Europe will not ratify withdrawal agreement without backstop - Coveney

‘We have made it clear the time for debate and discussion over the backstop was during negotiations’

Tánaiste and Minister for Foreign Affairs, Simon Coveney has predicted that the European Parliament will not ratify a withdrawal agreement without a backstop mechanism, despite the difficulty that it is causing for British prime minister Theresa May in Westminster.

Mr Coveney acknowledged there may be greater clarity over the next few days as to what a majority in the British Parliament could support, but he cautioned against assuming that EU generosity in terms of its response would go so far as to dropping the backstop.

"I don't believe a withdrawal agreement will be ratified in the European Parliament if there is not a backstop in it.

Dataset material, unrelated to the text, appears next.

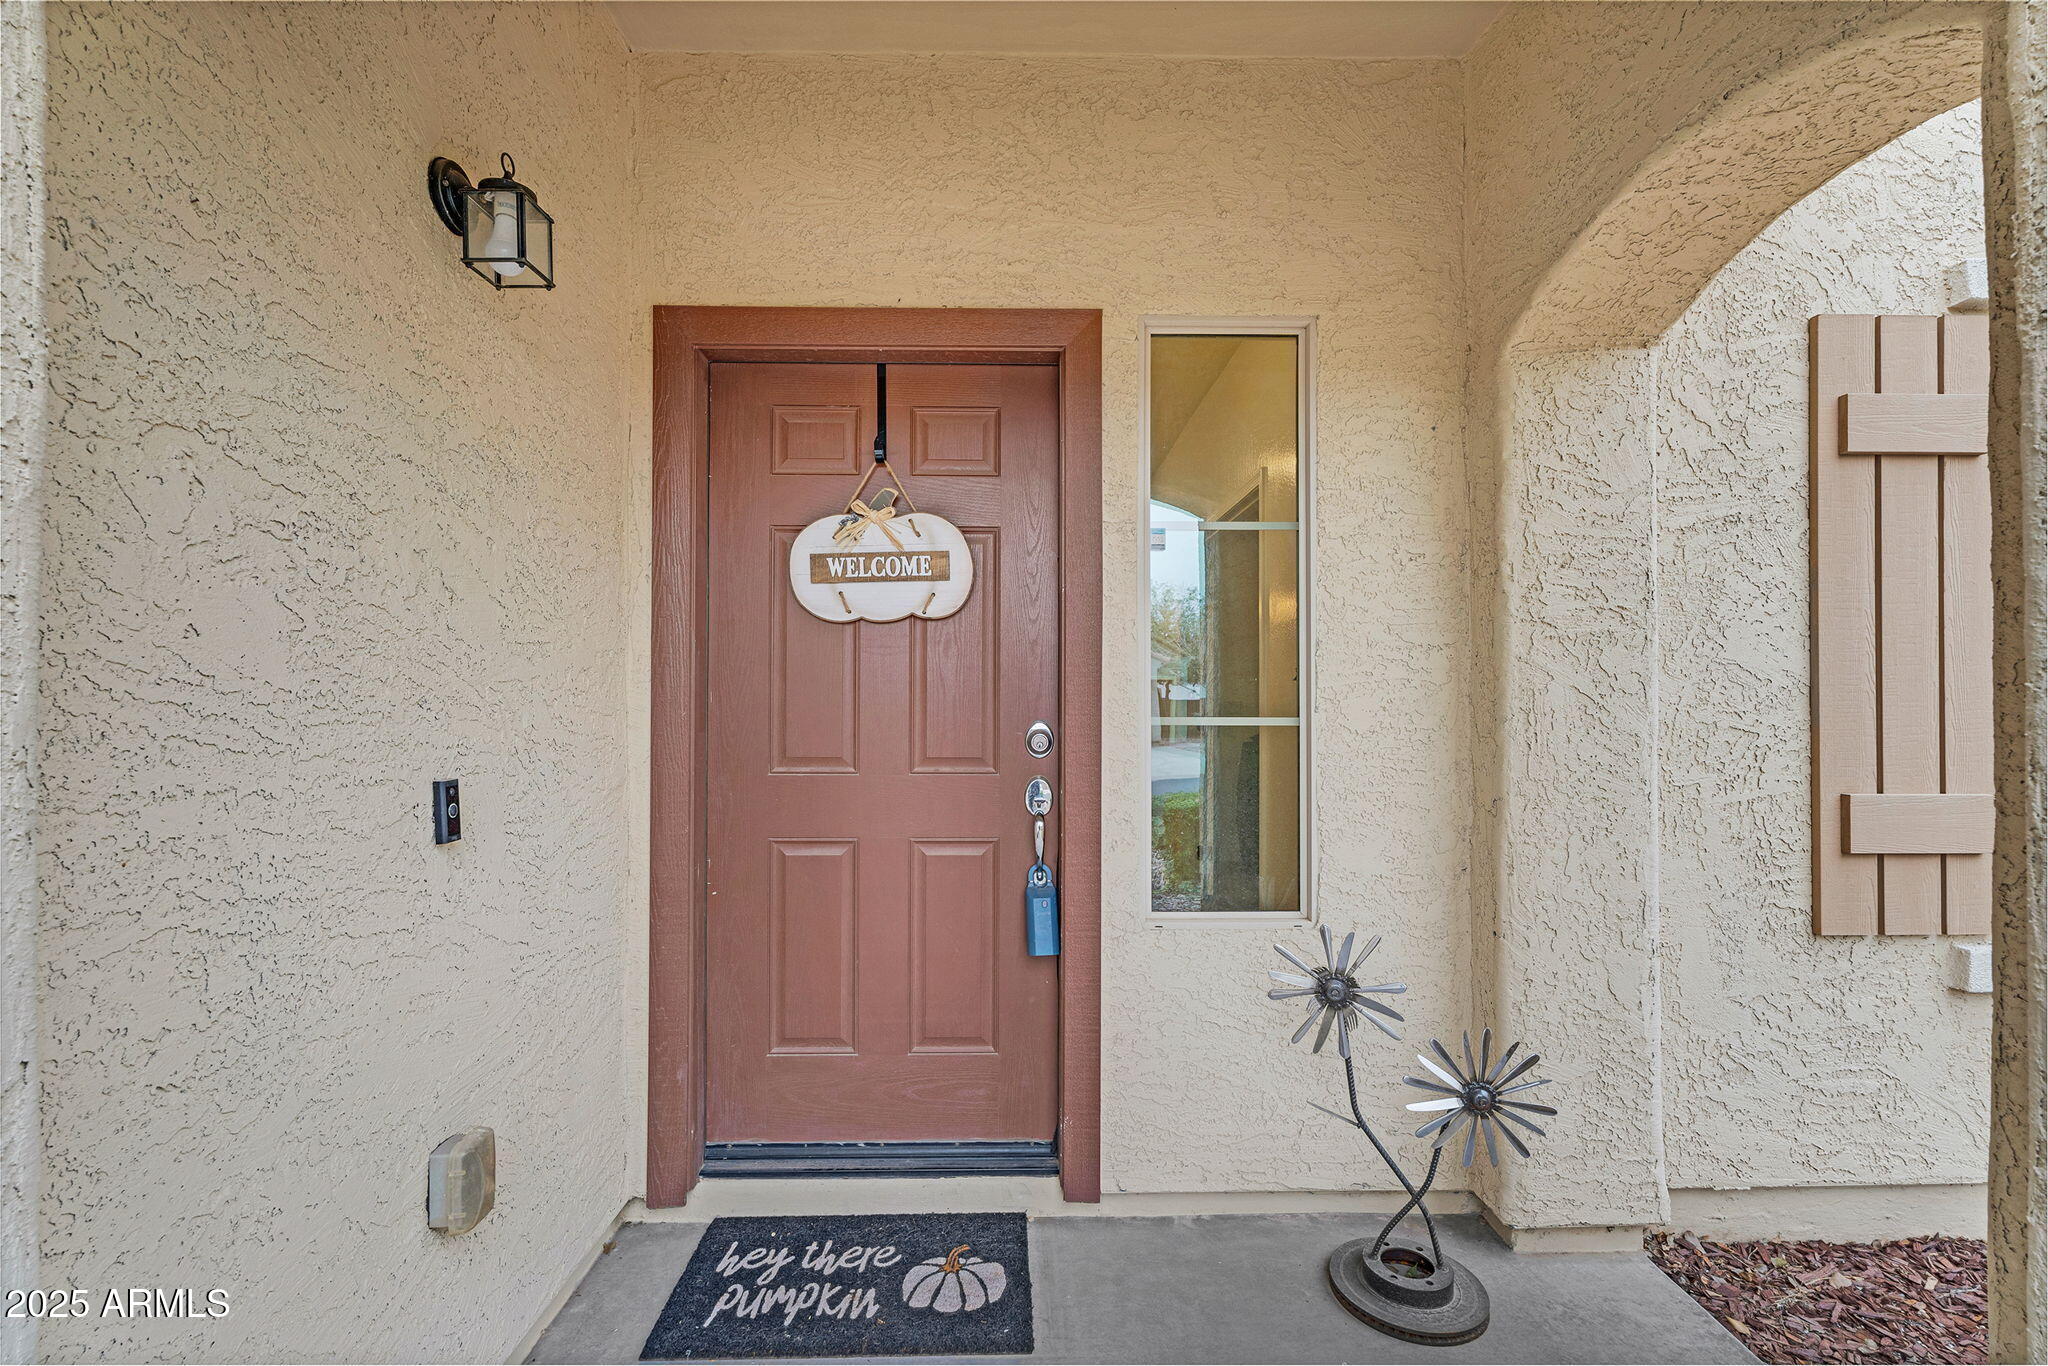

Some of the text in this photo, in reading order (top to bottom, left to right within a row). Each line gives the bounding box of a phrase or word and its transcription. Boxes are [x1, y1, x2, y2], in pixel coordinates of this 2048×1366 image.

[827, 555, 932, 578] WELCOME
[716, 1240, 903, 1285] hey there
[702, 1282, 880, 1328] pumpkin

I don't believe a withdrawal agreement will be agreed by EU Governments if there isn't a backstop in it because throughout this process, Ireland and the EU have been united on this issue."

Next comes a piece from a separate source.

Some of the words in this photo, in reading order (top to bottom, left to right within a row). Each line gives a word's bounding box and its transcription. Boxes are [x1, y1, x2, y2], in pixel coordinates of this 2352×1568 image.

He said the EU fully appreciated the need to protect the peace process and relationships on the island of Ireland and the role the backstop could play in managing a border between two jurisdictions when one is in the EU and the other is outside the EU, the customs union and the single market.

Mr Coveney said managing concerns about the border was very difficult to achieve if people do not continue to support the back stop, which is “a pragmatic, sensible and legally sound mechanism”, to try and avoid the return of a hard border on the island of Ireland.

“That’s why the negotiation took so long so those who are advocating change to, or removal of, the backstop don’t have any credible answers that I’ve heard in terms of how you solve that border problem, unless you change red lines around the future relationship between the UK and Ireland.”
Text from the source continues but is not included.